Jimmy Hughes CDs might seem like the proverbial London bus, in that you wait ages for one and then three come along in quick succession. But his repertoire for Fame and Volt is so highly regarded by the soul cognoscenti that too much Jimmy Hughes can never be enough. The two Kent volumes of Fame recordings are now joined by a third CD that covers Jimmy’s time with Stax subsidiary Volt, at the end of the 1960s.

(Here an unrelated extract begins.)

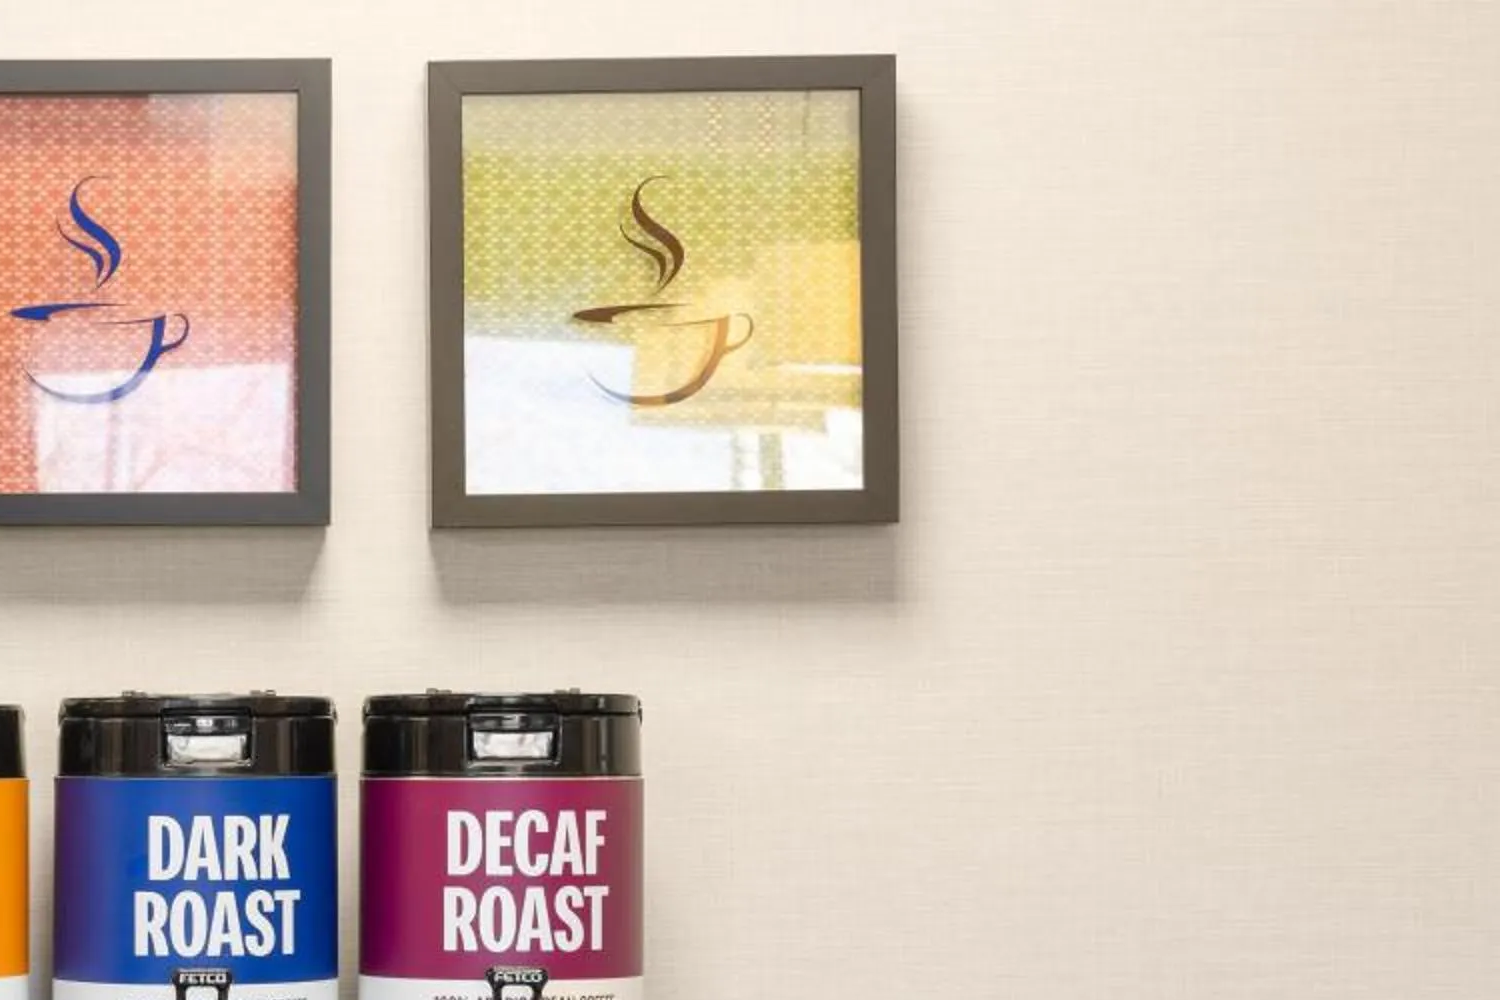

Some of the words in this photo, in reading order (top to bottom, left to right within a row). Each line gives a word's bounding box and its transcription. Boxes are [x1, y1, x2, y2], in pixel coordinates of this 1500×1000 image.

Although his career never flourished on Volt like he and Stax hoped it would, the label released several singles and “Something Special”, a fine album which demonstrated that Jimmy was ready to take what he had achieved at Fame to the next level. Unfortunately the rise to superstardom of his labelmates Isaac Hayes and Johnnie Taylor, and the ongoing success of Stax stalwarts Eddie Floyd and William Bell, pushed him down the pecking order. When his first offerings failed, his career suffered. In a little over two years, Stax released just 13 recordings on Jimmy. But like so many other acts, he recorded far more than was actually released. In his case, the Stax ledgers show a possible 17 unissued sides, three of which exist in backing track form only. The remaining 14 all appear here for the first time. You will hear that they were not shelved owing to lack of quality. The songs are great, the singing even greater. Had he scored a hit with any of his issued material, it’s doubtful that so many would have remained in the can for as long as they have.
Stax recorded Jimmy at Sam Phillips, at Ardent, in the McLemore Avenue building and, most successfully, at Royal Studios where he cut six sides that are the equal of anything that would soon be cut there by O.V. Wright, Otis Clay, Al Green or any other member of the redoubtable Hi Records roster. But Stax had lost interest in Jimmy by the time of that session and the two sides that were issued got lost in the shuffle. With concentrated promotion, the others could have returned him to the top. Instead, when his final Volt single failed to chart, Jimmy called time on his career and retired – just like that.
“Something Extra Special” brings together all 27 of Jimmy’s Volt titles. Sadly it also brings the curtain down on Kent’s restoration to catalogue of every surviving Jimmy Hughes recording. It’s been my personal pleasure to have assembled and annotated the three CDs that we’ve put out, and to have helped to turn the spotlight back on to a somewhat neglected pioneer of Southern Soul. Jimmy might never have achieved the worldwide popularity of his contemporary Otis Redding or his cousin Percy Sledge, but this collection and its two predecessors prove conclusively that his relative lack of mainstream success was in no way due to lack of talent – or no soul.